Annotated photo localization data:
____________________

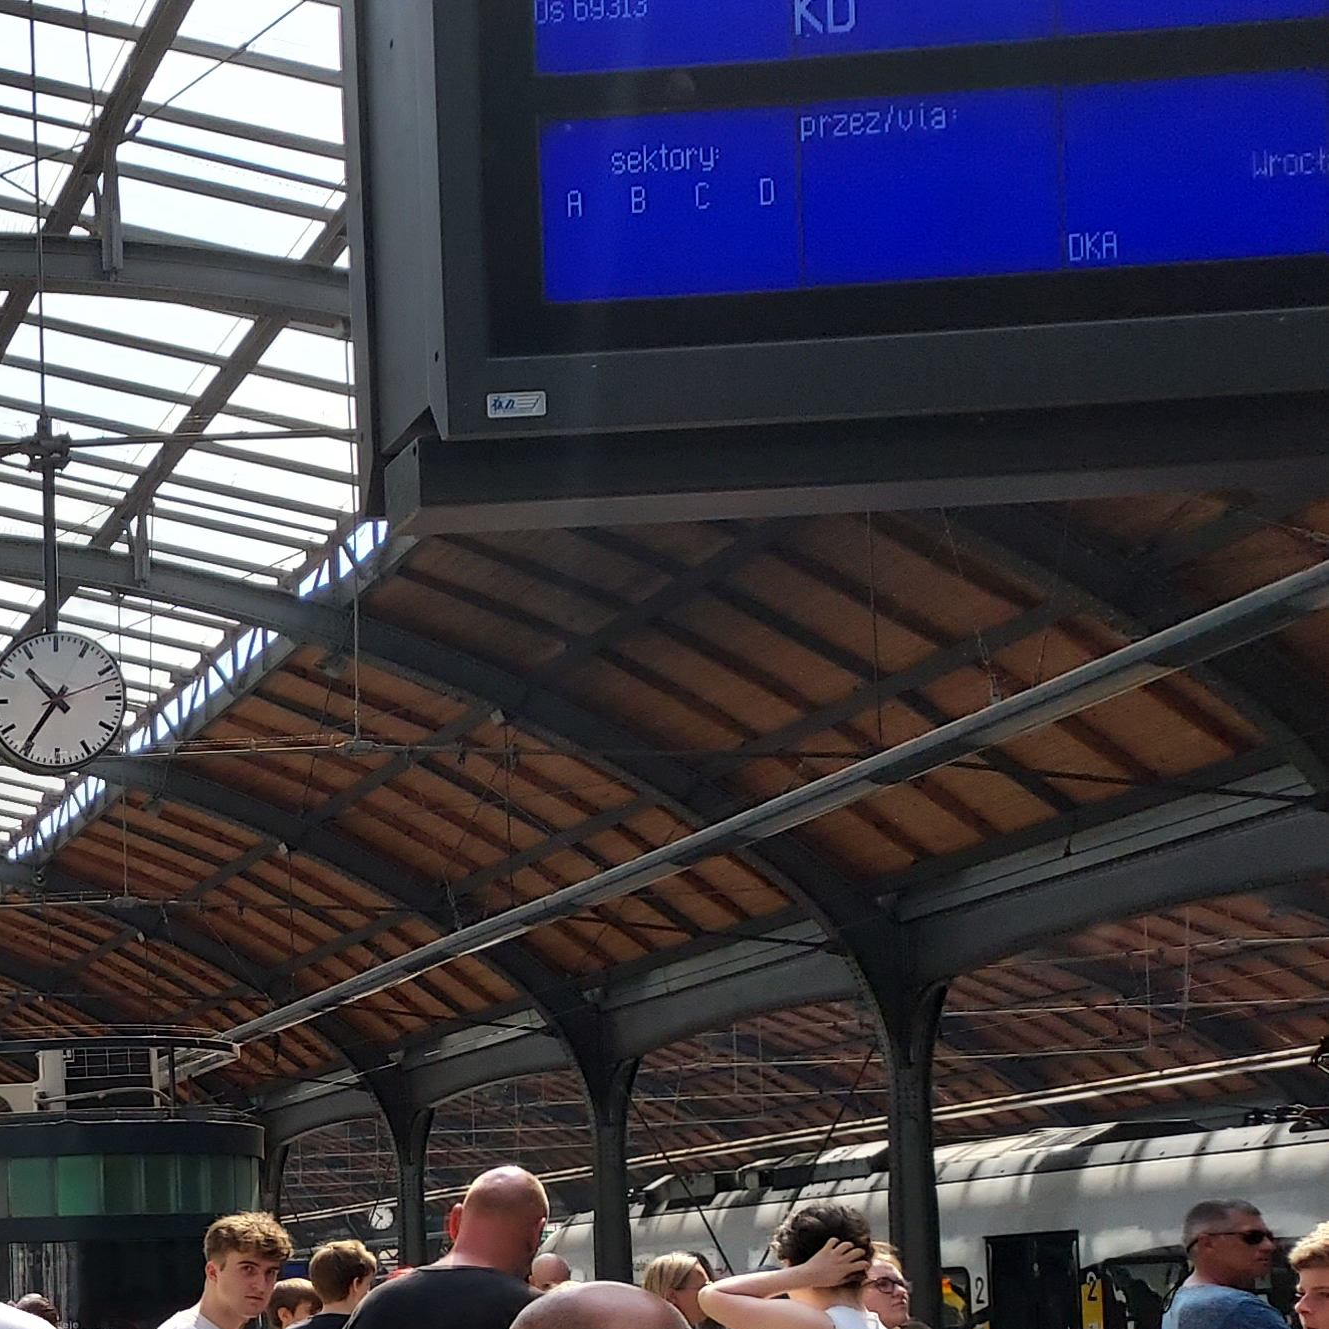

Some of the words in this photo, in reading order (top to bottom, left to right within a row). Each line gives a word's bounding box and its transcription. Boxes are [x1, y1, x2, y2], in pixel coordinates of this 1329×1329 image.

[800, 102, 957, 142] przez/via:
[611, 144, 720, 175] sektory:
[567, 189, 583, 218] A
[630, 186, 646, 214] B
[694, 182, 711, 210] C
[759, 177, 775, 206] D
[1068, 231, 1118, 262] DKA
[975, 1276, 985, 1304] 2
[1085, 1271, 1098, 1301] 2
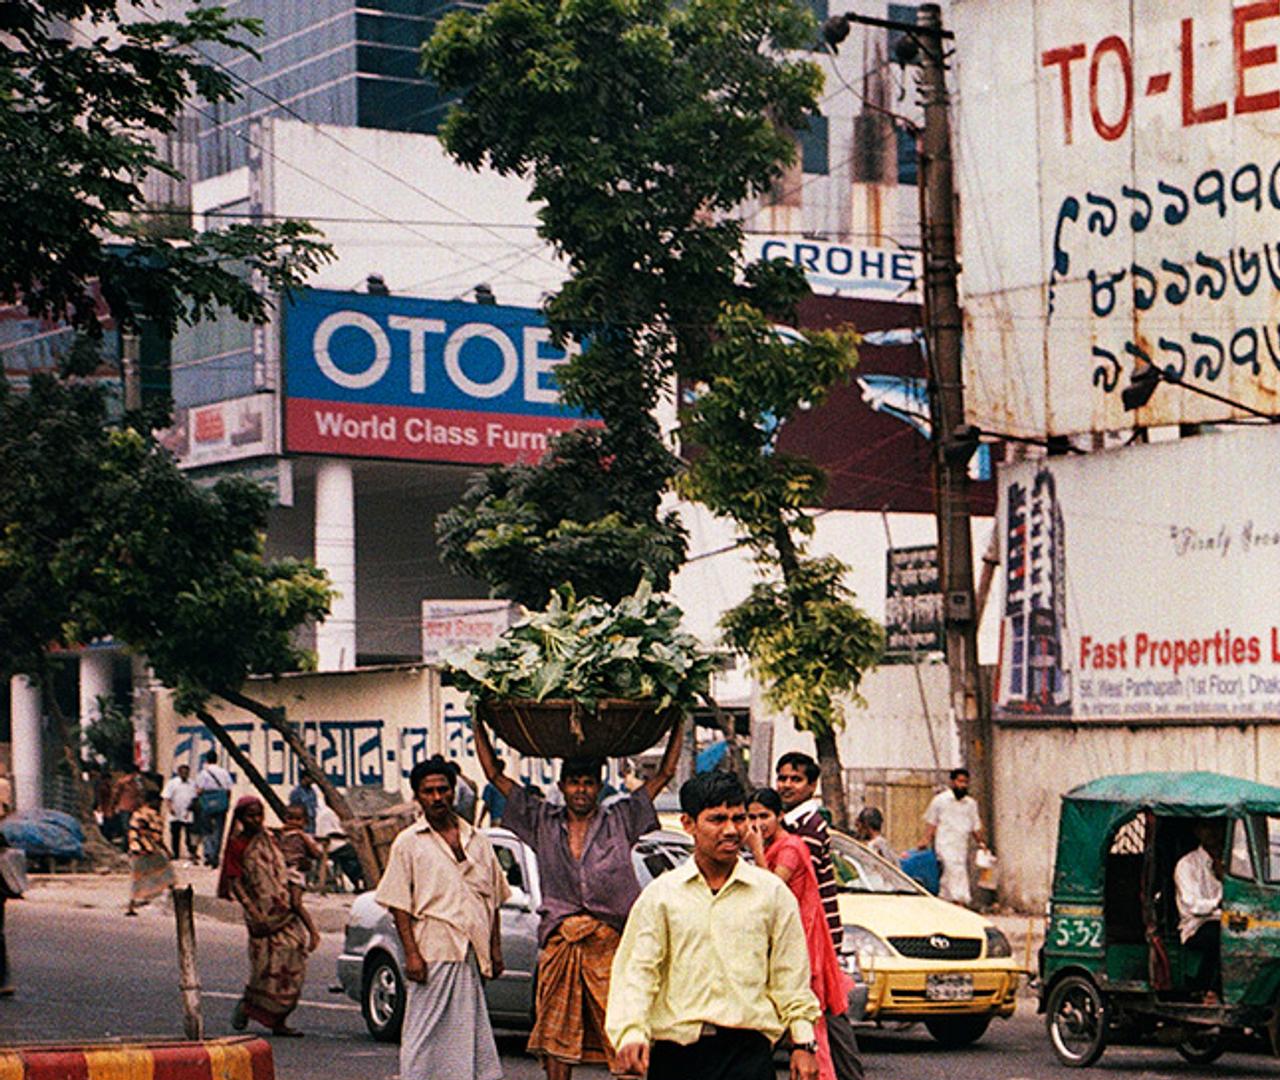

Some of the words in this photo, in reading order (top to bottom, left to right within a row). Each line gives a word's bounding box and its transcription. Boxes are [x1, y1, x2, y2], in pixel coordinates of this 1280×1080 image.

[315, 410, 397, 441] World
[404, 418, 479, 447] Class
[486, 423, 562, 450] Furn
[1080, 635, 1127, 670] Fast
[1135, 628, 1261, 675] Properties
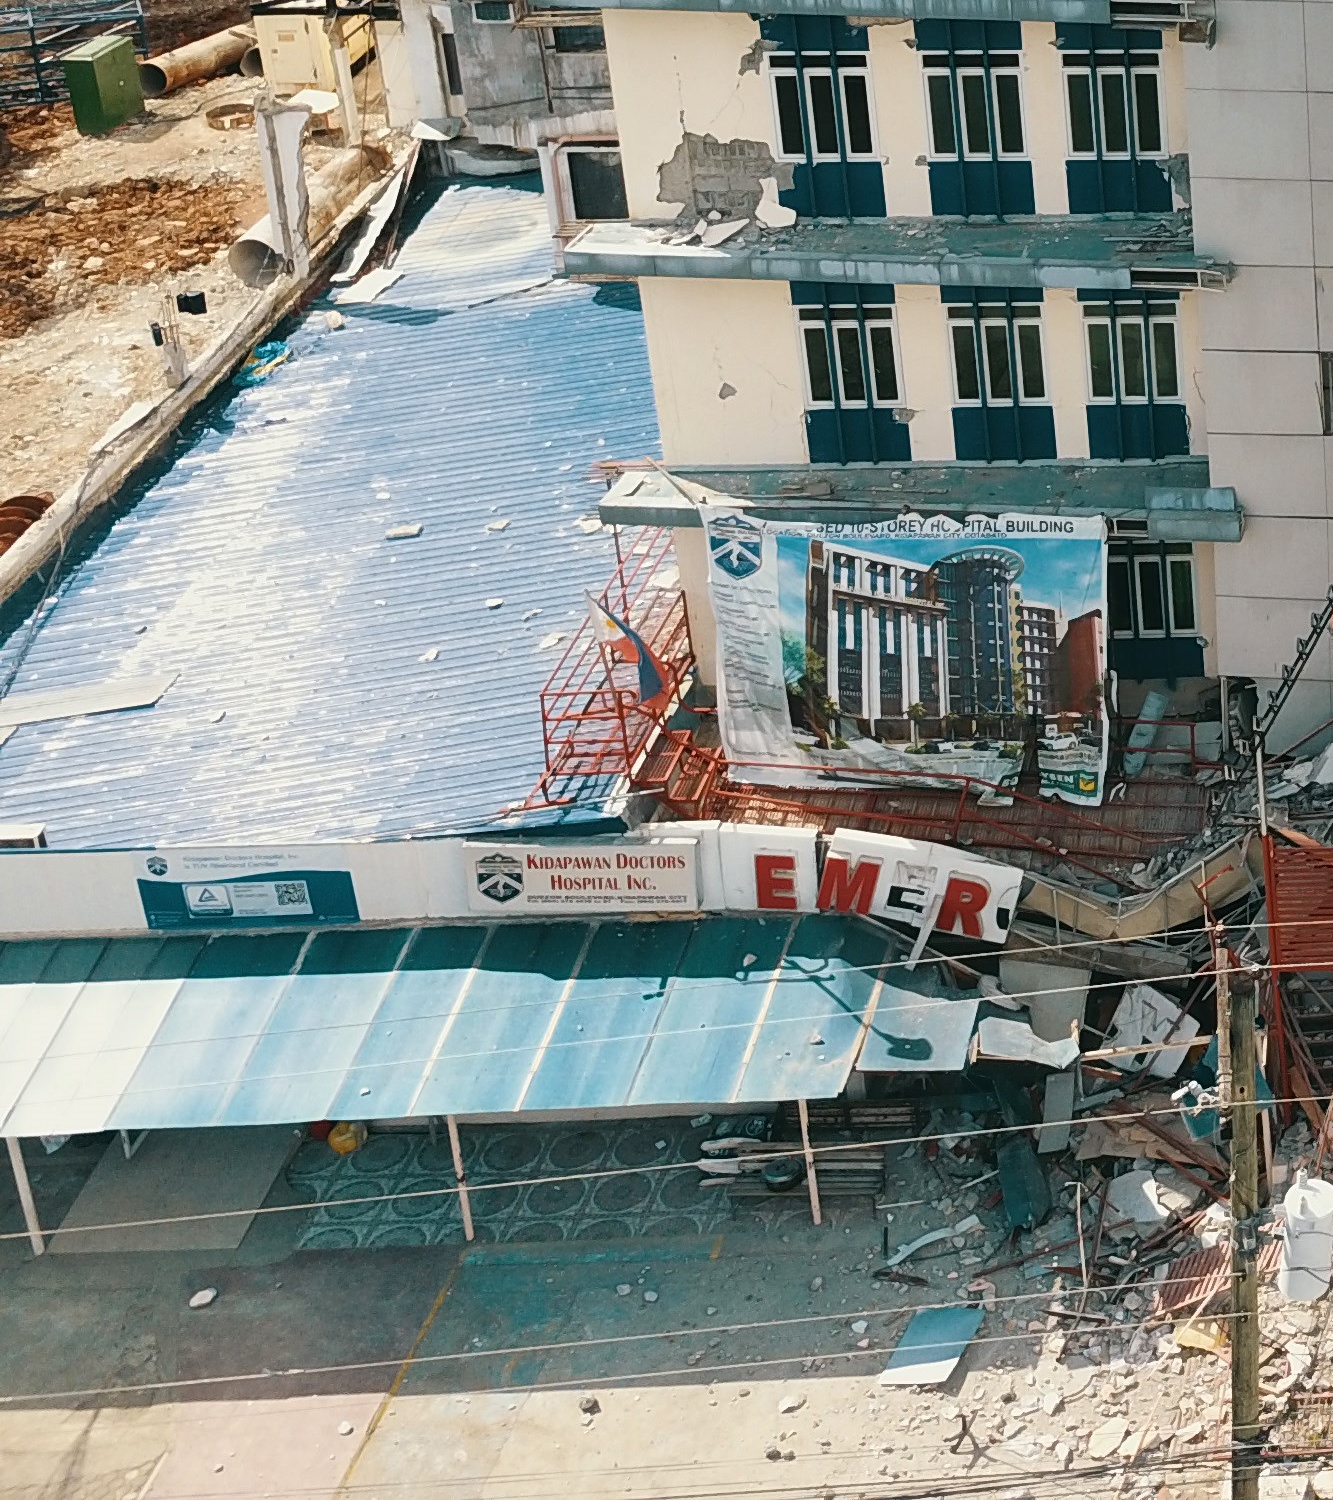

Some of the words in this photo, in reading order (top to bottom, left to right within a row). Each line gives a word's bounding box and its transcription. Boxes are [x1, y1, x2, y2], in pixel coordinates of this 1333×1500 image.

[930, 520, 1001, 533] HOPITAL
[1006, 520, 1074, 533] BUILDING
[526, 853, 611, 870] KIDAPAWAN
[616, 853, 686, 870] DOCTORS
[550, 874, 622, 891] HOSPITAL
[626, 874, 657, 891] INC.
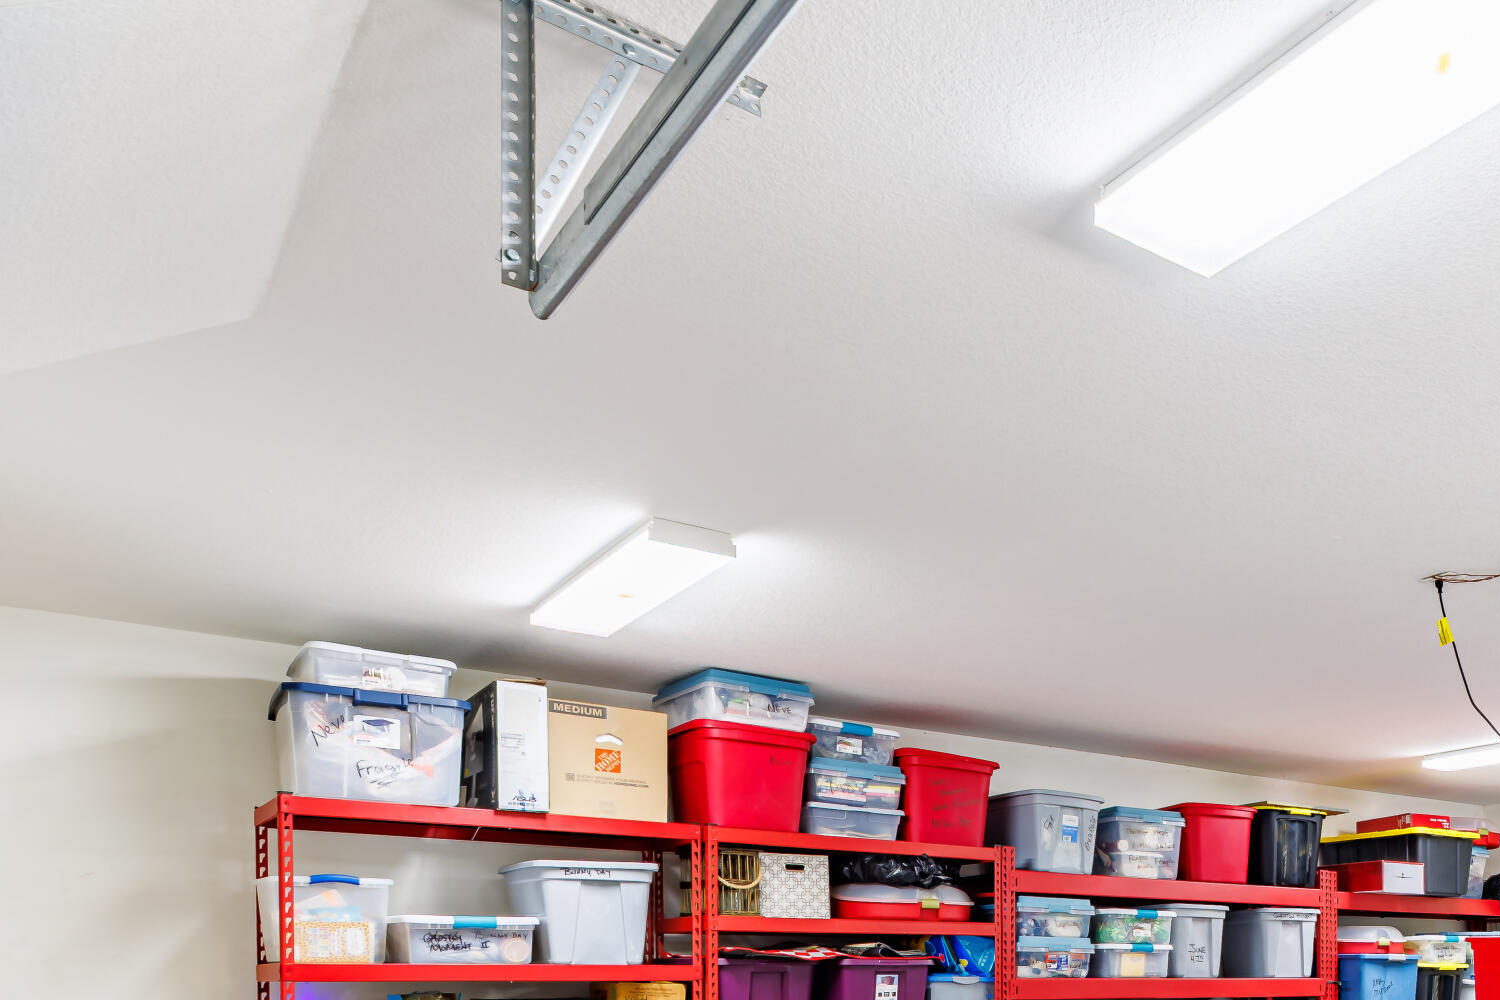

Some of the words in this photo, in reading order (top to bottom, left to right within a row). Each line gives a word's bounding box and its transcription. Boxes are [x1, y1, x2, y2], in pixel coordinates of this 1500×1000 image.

____________________

## Problem statement:
Every line from the one containing "this 1280×1080 image." through the end of the entries above, both included, should be extracted exactly, with pictures left out.

## Response area:
Some of the words in this photo, in reading order (top to bottom, left to right within a row). Each line gives a word's bounding box and its transcription. Boxes are [x1, y1, x2, y2], in pixel coordinates of this 1280×1080 image.

[315, 410, 397, 441] World
[404, 418, 479, 447] Class
[486, 423, 562, 450] Furn
[1080, 635, 1127, 670] Fast
[1135, 628, 1261, 675] Properties

Some of the words in this photo, in reading order (top to bottom, left to right within a row). Each line gives a word's bounding box and its transcription. Boxes are [x1, y1, x2, y2], in pixel coordinates of this 1333×1500 image.

[930, 520, 1001, 533] HOPITAL
[1006, 520, 1074, 533] BUILDING
[526, 853, 611, 870] KIDAPAWAN
[616, 853, 686, 870] DOCTORS
[550, 874, 622, 891] HOSPITAL
[626, 874, 657, 891] INC.

Some of the words in this photo, in reading order (top to bottom, left to right within a row). Each line gives a word's bounding box and its transcription. Boxes are [x1, y1, x2, y2], in pixel coordinates of this 1500×1000 image.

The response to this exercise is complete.